### EXERCISE DETAILS
Each entry is to be repeated word for word, and the images are to be dropped.

### PROVIDED DATA

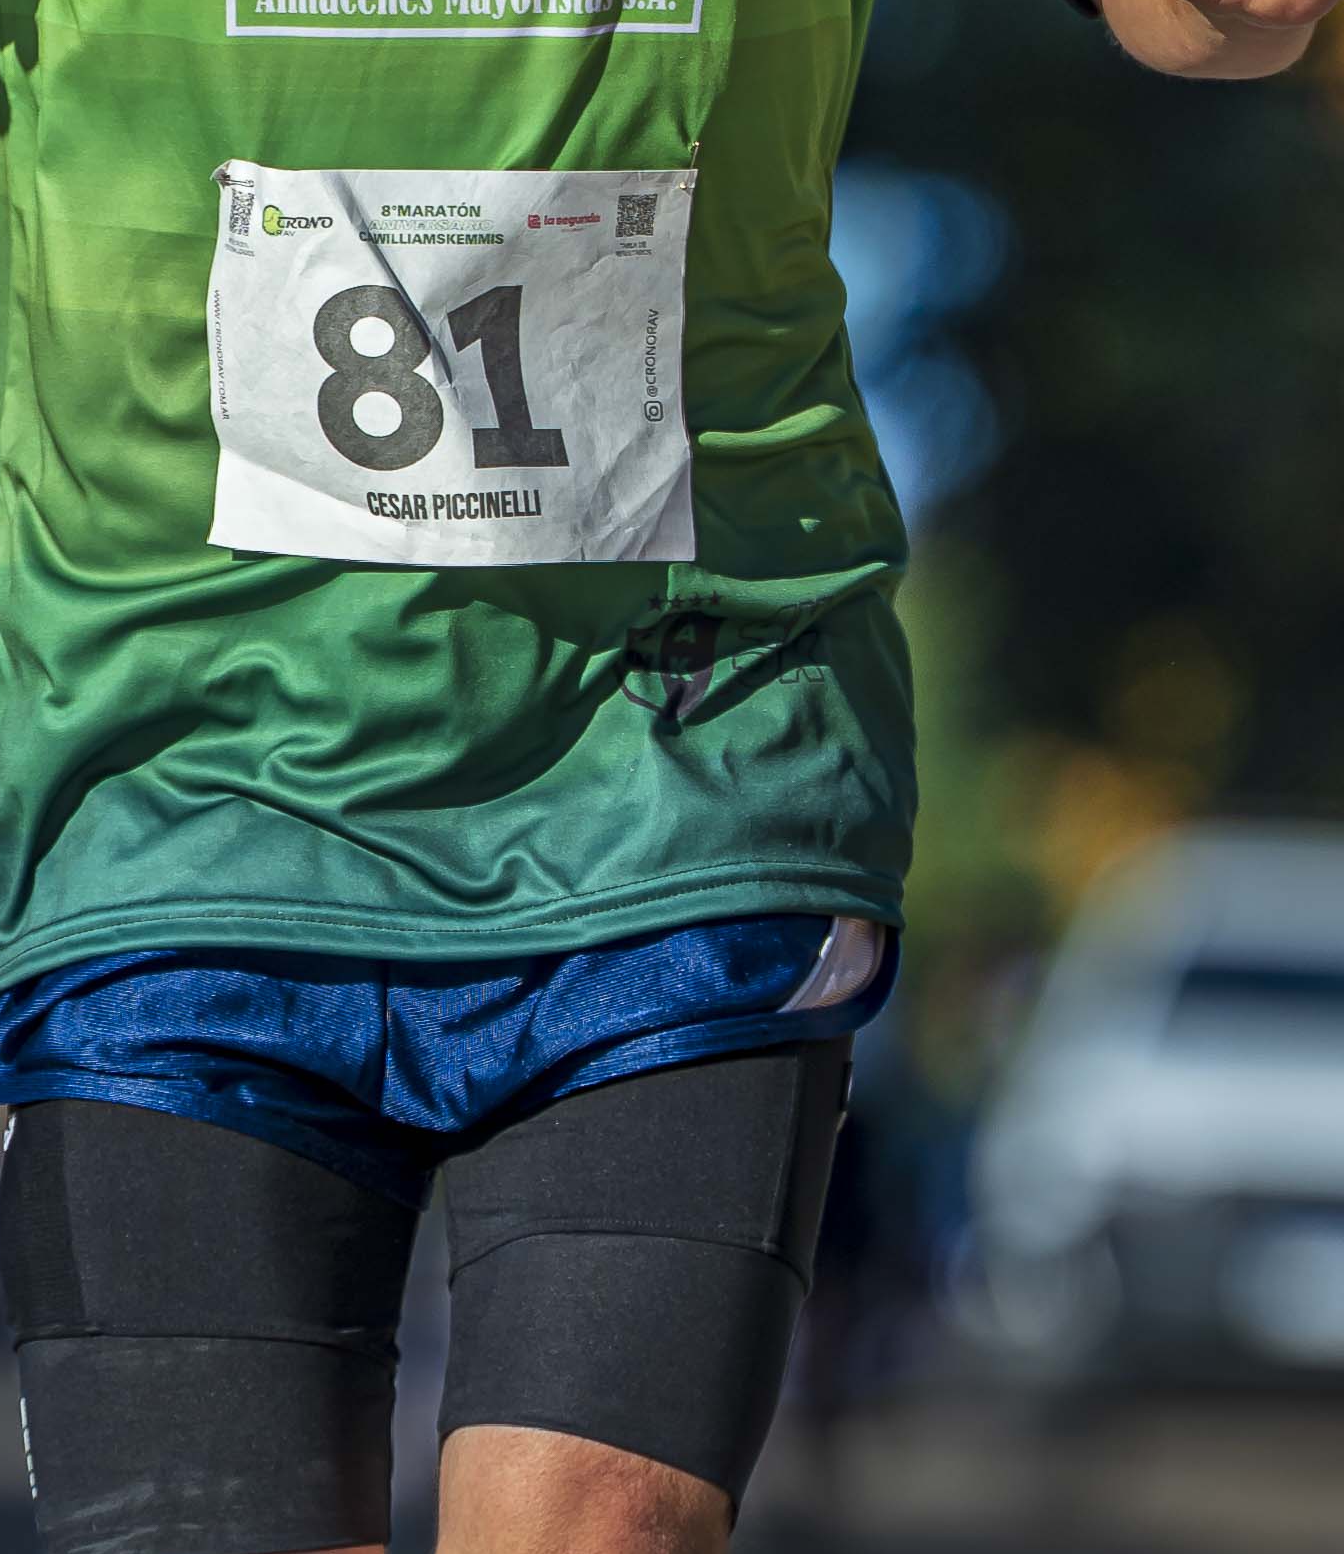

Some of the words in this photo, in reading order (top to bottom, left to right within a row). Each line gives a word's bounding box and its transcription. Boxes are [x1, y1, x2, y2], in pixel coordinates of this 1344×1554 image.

[276, 216, 334, 229] CRONO
[312, 284, 570, 472] 81
[645, 308, 659, 397] @CRONORAV
[366, 491, 428, 520] CESAR
[432, 489, 542, 520] PICCINELLI
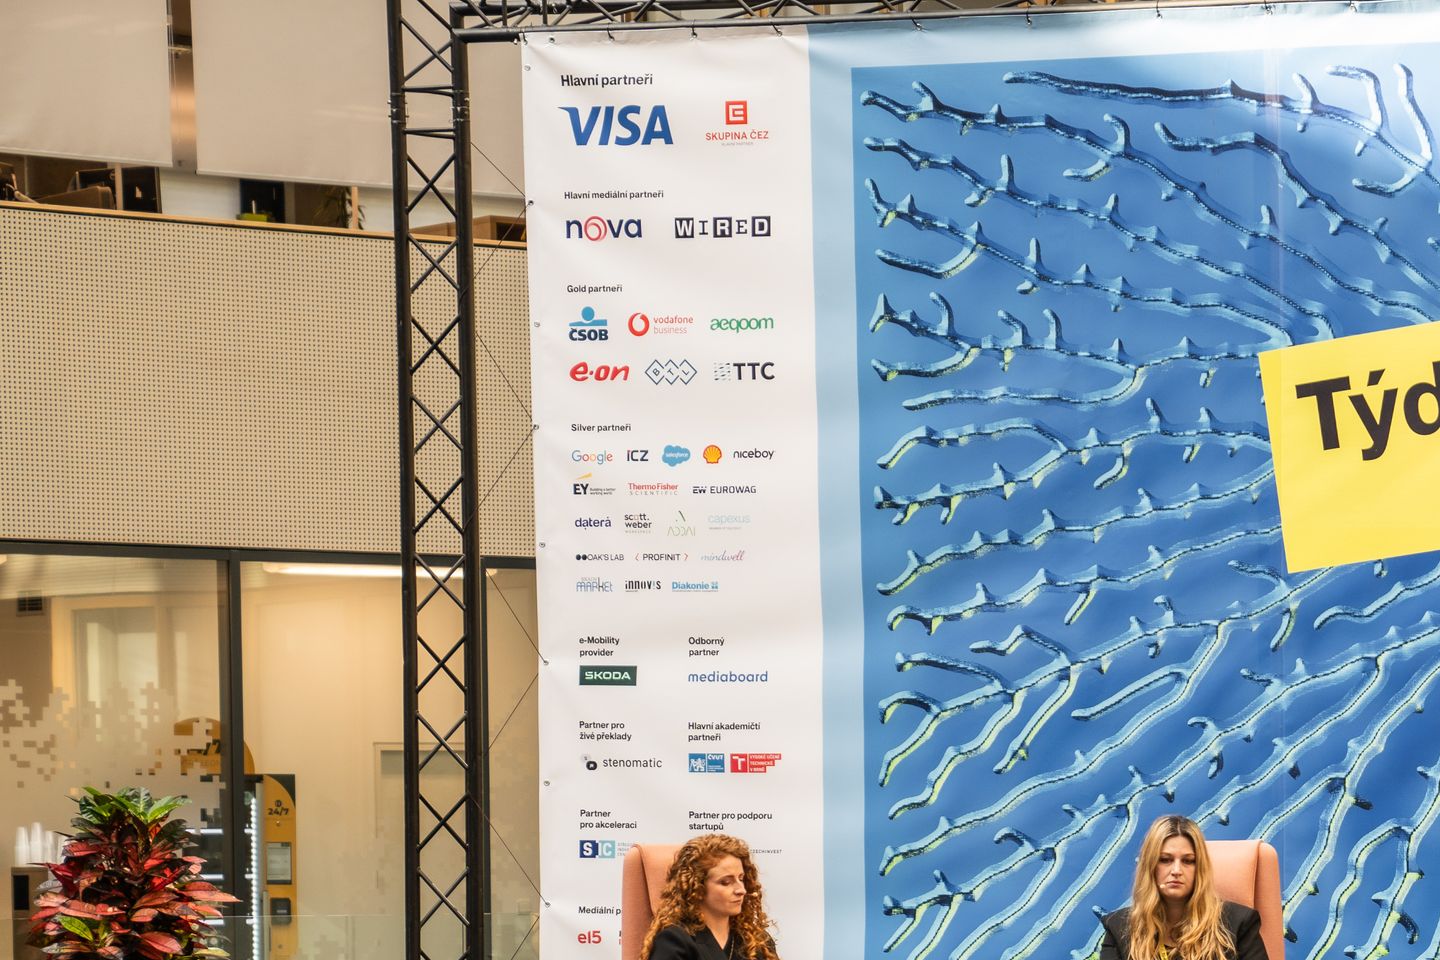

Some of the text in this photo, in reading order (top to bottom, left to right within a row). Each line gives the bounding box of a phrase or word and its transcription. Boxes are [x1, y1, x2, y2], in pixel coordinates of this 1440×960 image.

### ANSWER TO THIS EXERCISE
Some of the words in this photo, in reading order (top to bottom, left to right within a row). Each line gives a word's bounding box and its transcription. Boxes are [x1, y1, x2, y2], in pixel coordinates of this 1344×1554 image.

[276, 216, 334, 229] CRONO
[312, 284, 570, 472] 81
[645, 308, 659, 397] @CRONORAV
[366, 491, 428, 520] CESAR
[432, 489, 542, 520] PICCINELLI

Some of the text in this photo, in reading order (top to bottom, left to right within a row). Each line gives the bounding box of a phrase or word and its transcription. Boxes are [x1, y1, x2, y2], in pixel coordinates of this 1440×960 image.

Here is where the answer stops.